━━ Provided data ━━

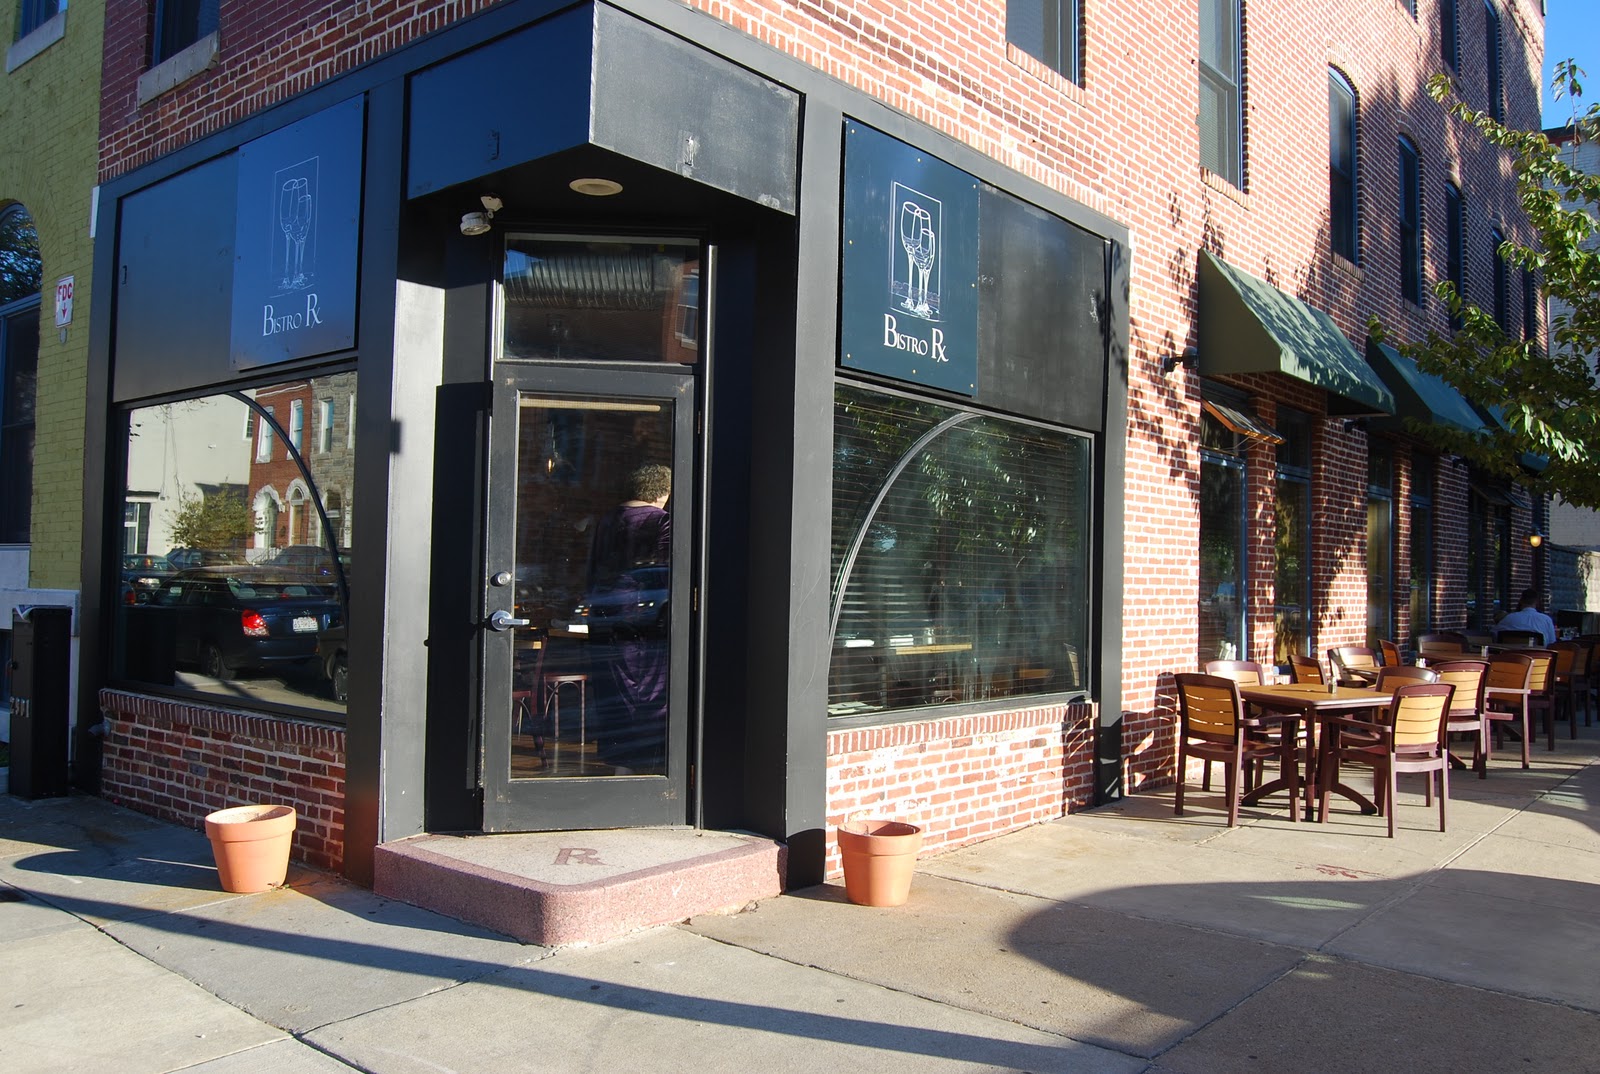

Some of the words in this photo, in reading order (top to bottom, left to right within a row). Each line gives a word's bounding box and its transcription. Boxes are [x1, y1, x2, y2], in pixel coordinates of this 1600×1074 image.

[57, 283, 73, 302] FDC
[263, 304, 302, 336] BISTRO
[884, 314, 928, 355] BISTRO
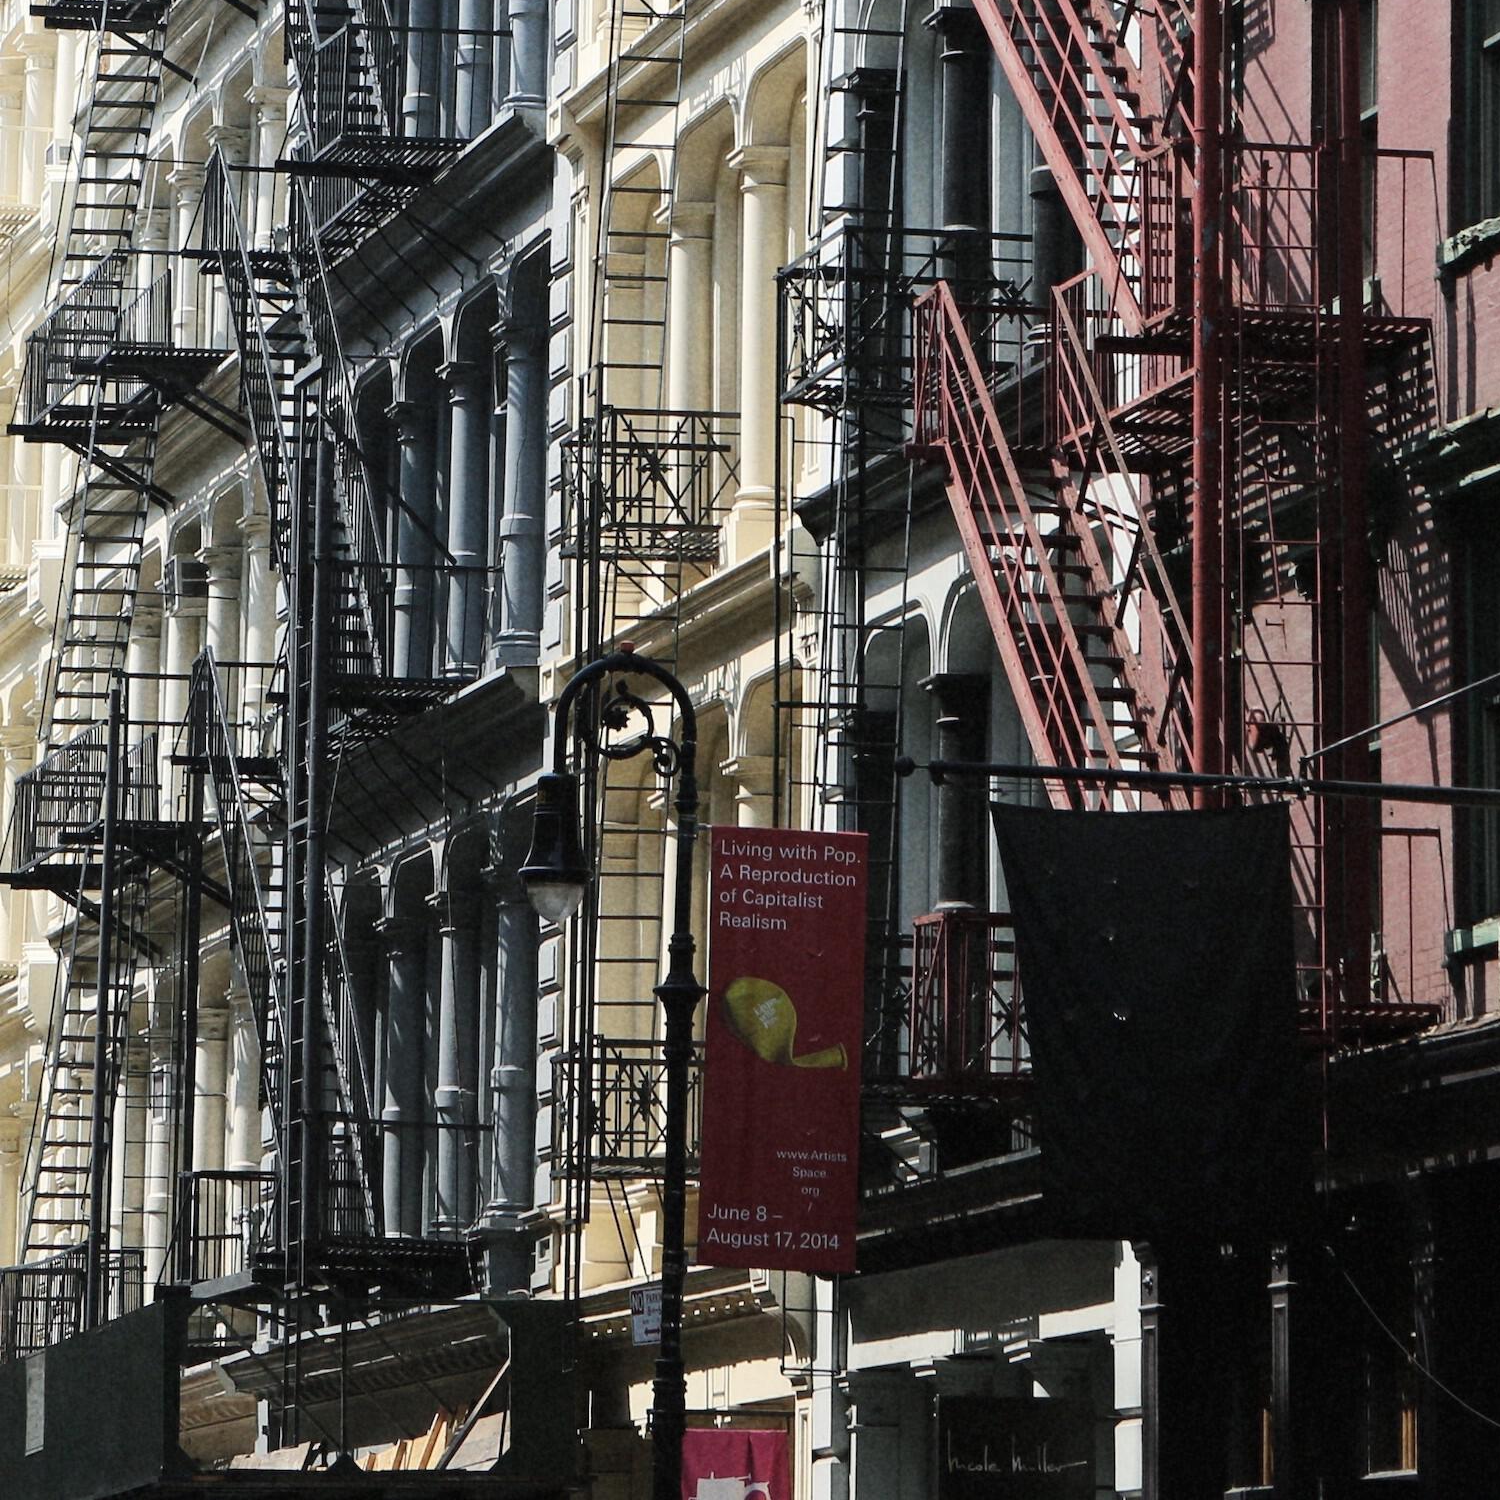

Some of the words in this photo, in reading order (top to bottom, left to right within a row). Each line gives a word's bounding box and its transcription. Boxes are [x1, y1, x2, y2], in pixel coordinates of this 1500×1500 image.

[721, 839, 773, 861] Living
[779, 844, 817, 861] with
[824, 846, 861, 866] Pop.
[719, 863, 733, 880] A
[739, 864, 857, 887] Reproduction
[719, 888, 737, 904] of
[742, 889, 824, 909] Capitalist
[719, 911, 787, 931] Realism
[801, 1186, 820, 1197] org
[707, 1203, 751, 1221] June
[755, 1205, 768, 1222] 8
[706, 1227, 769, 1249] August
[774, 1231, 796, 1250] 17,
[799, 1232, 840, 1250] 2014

━━━

Action item: What you output should match the records line for line, minus the pictures.

Solution for this problem:
Some of the words in this photo, in reading order (top to bottom, left to right within a row). Each line gives a word's bounding box and its transcription. Boxes are [x1, y1, x2, y2], in pixel coordinates of this 1600×1074 image.

[57, 283, 73, 302] FDC
[263, 304, 302, 336] BISTRO
[884, 314, 928, 355] BISTRO

Some of the words in this photo, in reading order (top to bottom, left to right within a row). Each line gives a word's bounding box and its transcription. Boxes are [x1, y1, x2, y2], in pixel coordinates of this 1500×1500 image.

[721, 839, 773, 861] Living
[779, 844, 817, 861] with
[824, 846, 861, 866] Pop.
[719, 863, 733, 880] A
[739, 864, 857, 887] Reproduction
[719, 888, 737, 904] of
[742, 889, 824, 909] Capitalist
[719, 911, 787, 931] Realism
[801, 1186, 820, 1197] org
[707, 1203, 751, 1221] June
[755, 1205, 768, 1222] 8
[706, 1227, 769, 1249] August
[774, 1231, 796, 1250] 17,
[799, 1232, 840, 1250] 2014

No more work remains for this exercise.